The ban effectively wiped out 86 percent of the country’s currency on four hours’ notice, even though the 500- and 1,000-rupee notes are only worth about $7.50 and $15 respectively. In a cash economy like India’s, where 90 percent of all transactions are done in cash and largely off the books, retail business has come to a screeching halt.
For the last week, people have been queueing for hours at banks and ATMs to exchange up to 4,500 of the old rupees in cash for new 500- and 2,000-rupee notes. Fights are breaking out, people are fainting and government officials say lines are growing longer because people are visiting multiple banks to skirt the limit.

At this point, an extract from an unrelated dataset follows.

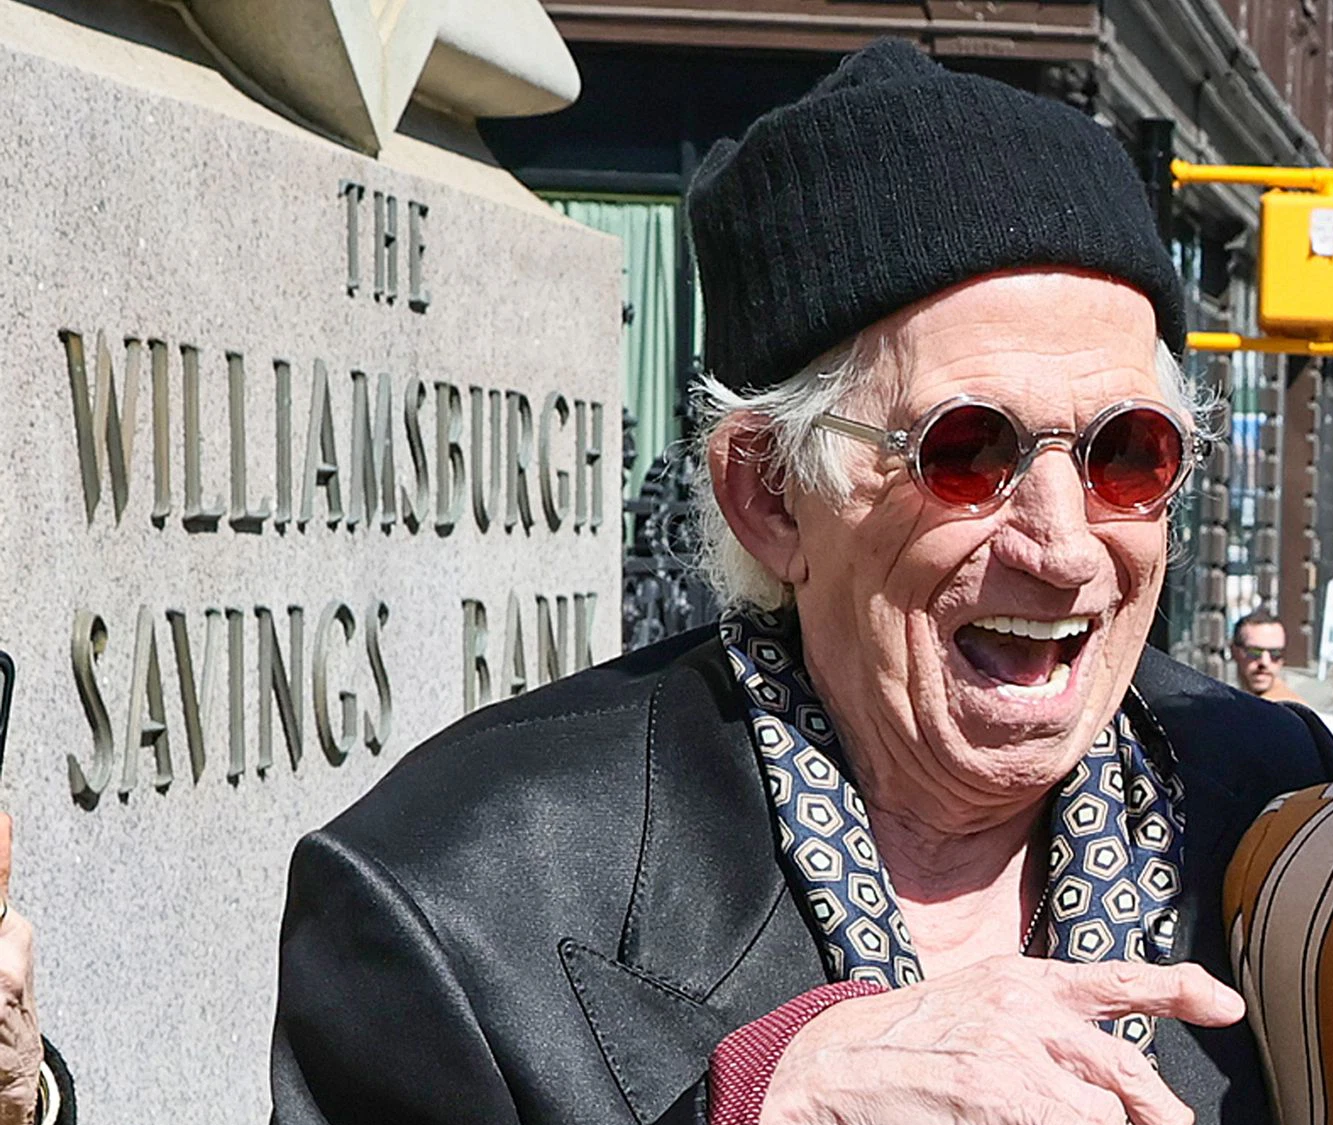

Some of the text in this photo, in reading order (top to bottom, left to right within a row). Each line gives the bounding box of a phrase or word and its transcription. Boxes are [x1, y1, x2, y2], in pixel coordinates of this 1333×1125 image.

[338, 179, 430, 314] THE
[58, 328, 604, 536] WILLIAMSBURGH
[67, 600, 391, 812] SAVINGS

“To solve this problem, we have decided to use indelible ink marks, similar to elections, at cash counters,” Economic Affairs Secretary Shaktikanta Das announced this morning at a news conference, according to Times of India. “This will start today in major cities.”
While authorities have not placed limits on bank deposits until Dec. 30, any deposits above 250,000 rupees must include proof of taxes paid. Otherwise, the person must pay the full amount of taxes owed plus a fine of 200 percent.

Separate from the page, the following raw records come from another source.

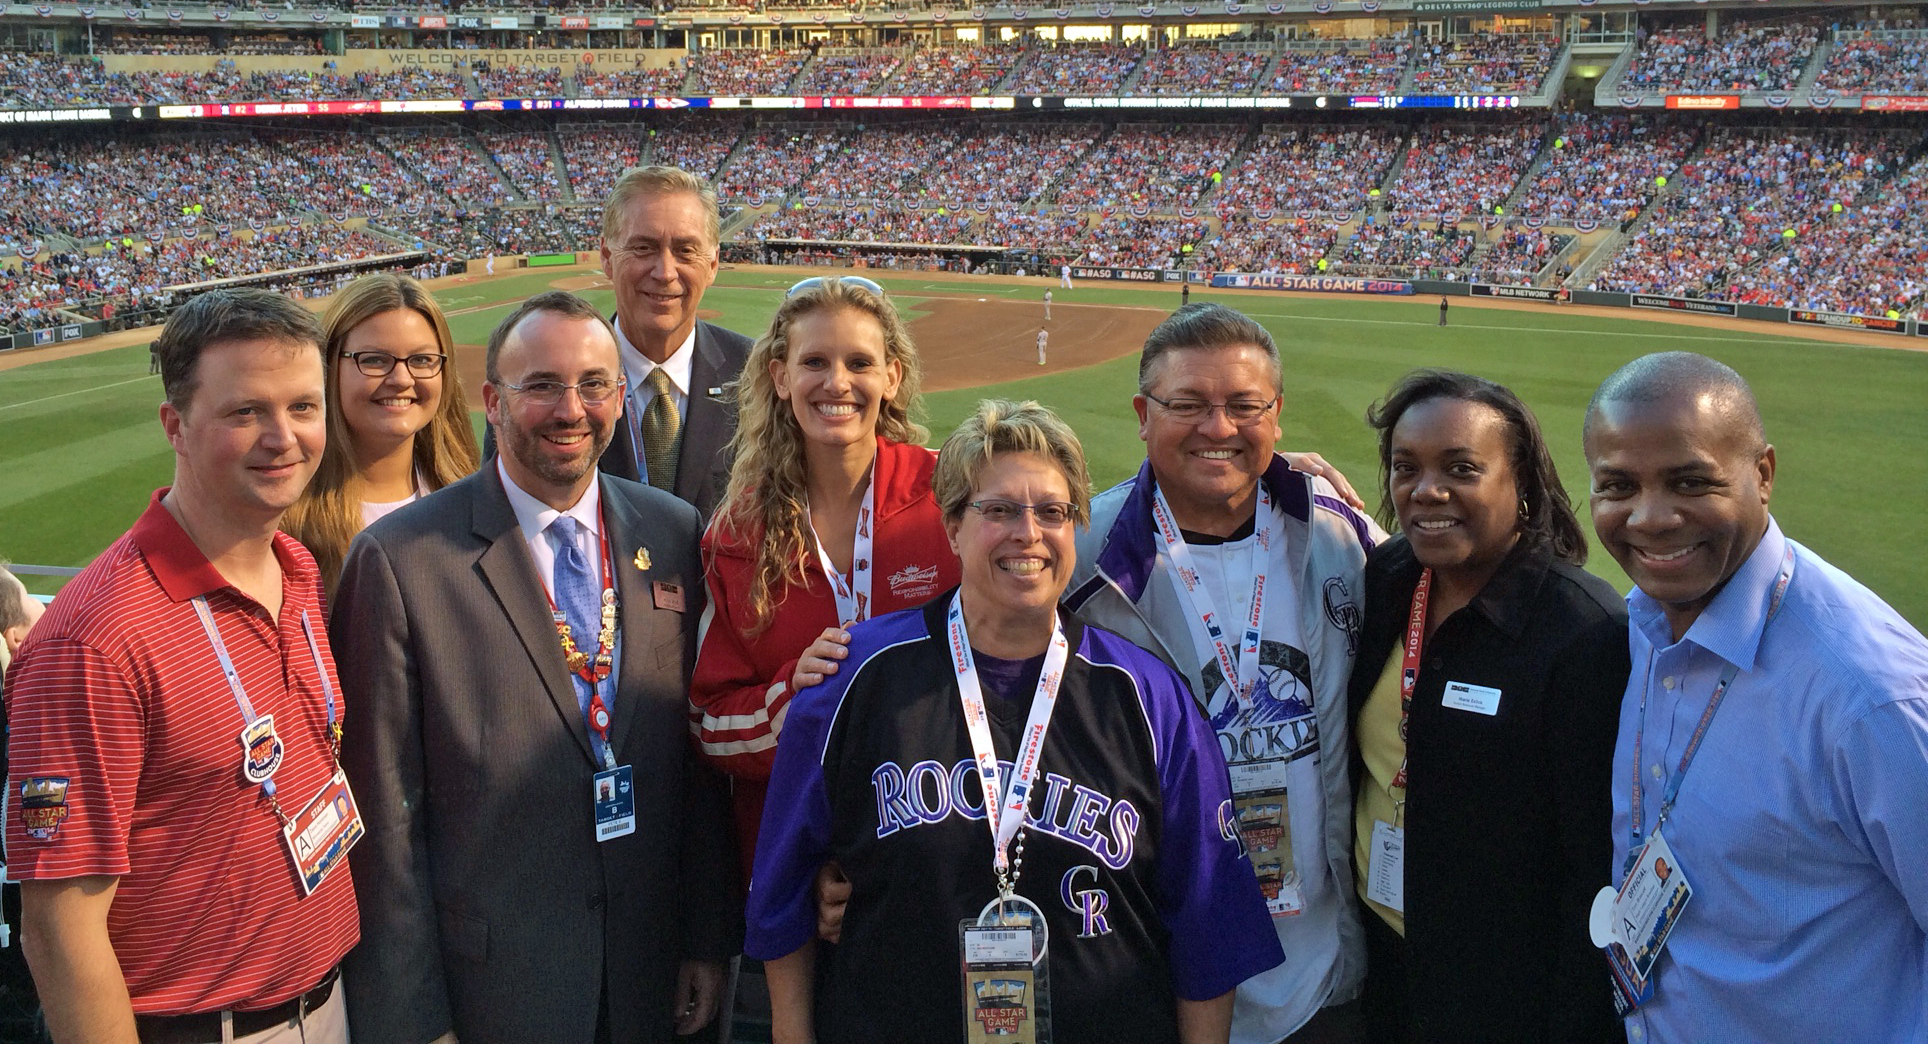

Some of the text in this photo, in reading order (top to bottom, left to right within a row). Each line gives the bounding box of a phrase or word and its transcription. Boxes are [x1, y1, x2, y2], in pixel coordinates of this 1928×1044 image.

[458, 18, 478, 27] FOX
[388, 53, 646, 64] WELCOME TO TARGET FIELD
[537, 100, 552, 108] #31
[1087, 269, 1112, 278] #ASG
[1130, 270, 1155, 280] #ASG
[1166, 272, 1180, 280] FOX
[1252, 273, 1404, 292] ALL STAR GAME 2014
[1500, 288, 1550, 298] MLB NETWORK
[64, 327, 80, 338] FOX
[1153, 497, 1175, 544] Fireston
[887, 570, 938, 588] Budweiser
[1252, 574, 1266, 628] Firestone
[1411, 591, 1425, 629] GAME
[952, 622, 967, 675] Firestone
[1408, 631, 1420, 658] 2014
[1216, 641, 1239, 692] irestone
[1214, 715, 1320, 762] OCKIE
[1021, 724, 1044, 782] Firestone
[250, 752, 281, 777] CLUBHOUSE
[39, 806, 65, 818] STAR
[310, 799, 327, 820] STAFF
[611, 806, 618, 814] B
[987, 784, 1000, 830] estone
[27, 817, 57, 828] GAME
[1250, 836, 1275, 846] GAME
[1260, 827, 1282, 837] STAR
[299, 835, 312, 858] A
[1627, 867, 1647, 898] OFFICIAL
[1623, 917, 1637, 941] A
[978, 1008, 1025, 1018] ALL STAR
[987, 1017, 1016, 1027] GAME

“I am aware you are facing difficulties with 500 and 1,000-rupee notes ban,” Modi said at a political rally, the Guardian reported yesterday. “I am really pained by the inconvenience and that is why I am working tirelessly to help people overcome this situation. I will never let anyone loot money that belongs to India’s poor.”

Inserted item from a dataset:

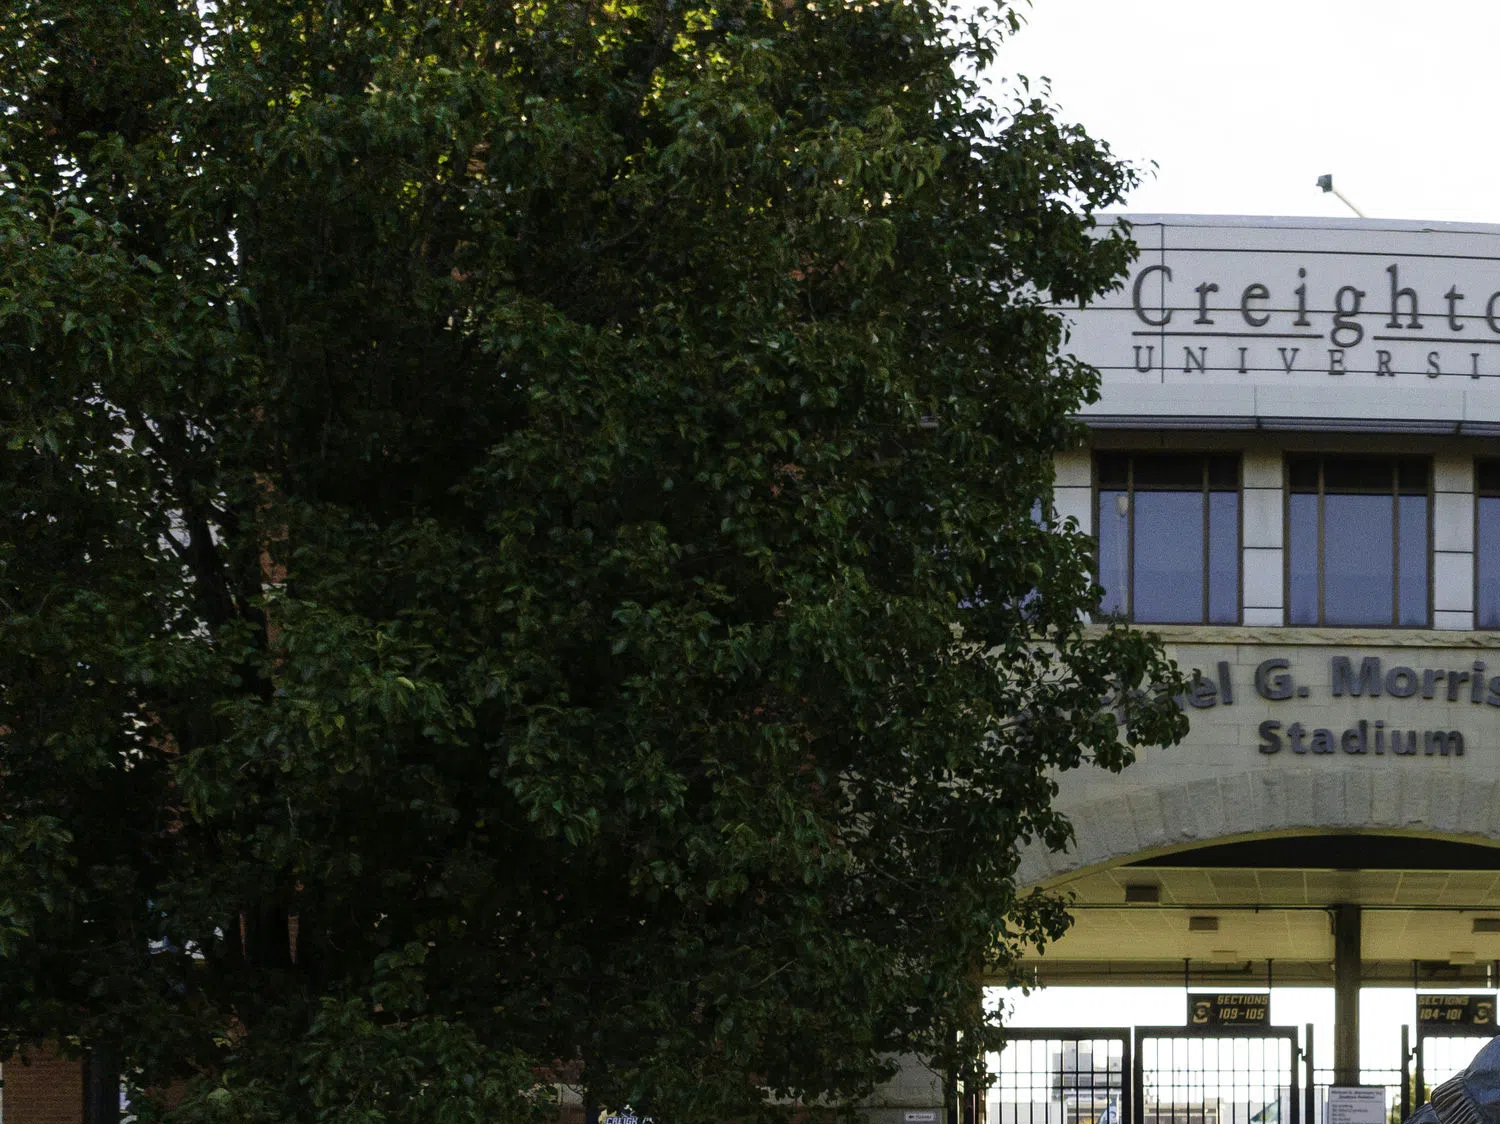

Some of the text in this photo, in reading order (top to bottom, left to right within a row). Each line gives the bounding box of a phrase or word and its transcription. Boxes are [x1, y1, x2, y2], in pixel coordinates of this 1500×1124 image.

[1254, 658, 1309, 701] G.
[1258, 719, 1465, 756] Stadium
[1217, 995, 1268, 1005] SECTIONS
[1418, 996, 1469, 1005] SECTIONS

At the moment, even inconvenient options are limited for the poor. Nearly half of Indians don’t have a bank account, according to the World Bank. Without a bank account, any savings they have for school fees, emergencies or dowries, are cash – now invalid. Many people in rural areas do not even have access to a nearby bank to exchange the banned currency for new bills.
Despite what Modi calls the “temporary hardships,” many Indians seem willing to give the demonetization policy a chance, because they resent the rich for evading their fair share of taxes, according to the BBC.
Official figures released earlier this year indicate that only 1 percent of Indians paid any income tax at all in 2013, and India’s “shadow economy” of black money and assets is estimated to be as much as 20 percent of the entire GDP.
Routine transactions are often off the books, and it’s not uncommon government officials to often invest bribe money in real estate, paying half in black money so the seller only has to declare the other half for taxes.
The finance minister said at a news conference Saturday that the recalibration of India’s estimated 200,000 ATMs will take two to three weeks and asked people to stagger their exchanges.
“I just want my honest citizens to stay patient for 50 days,” said Modi, reported India Today. “Punish me if I do not deliver.”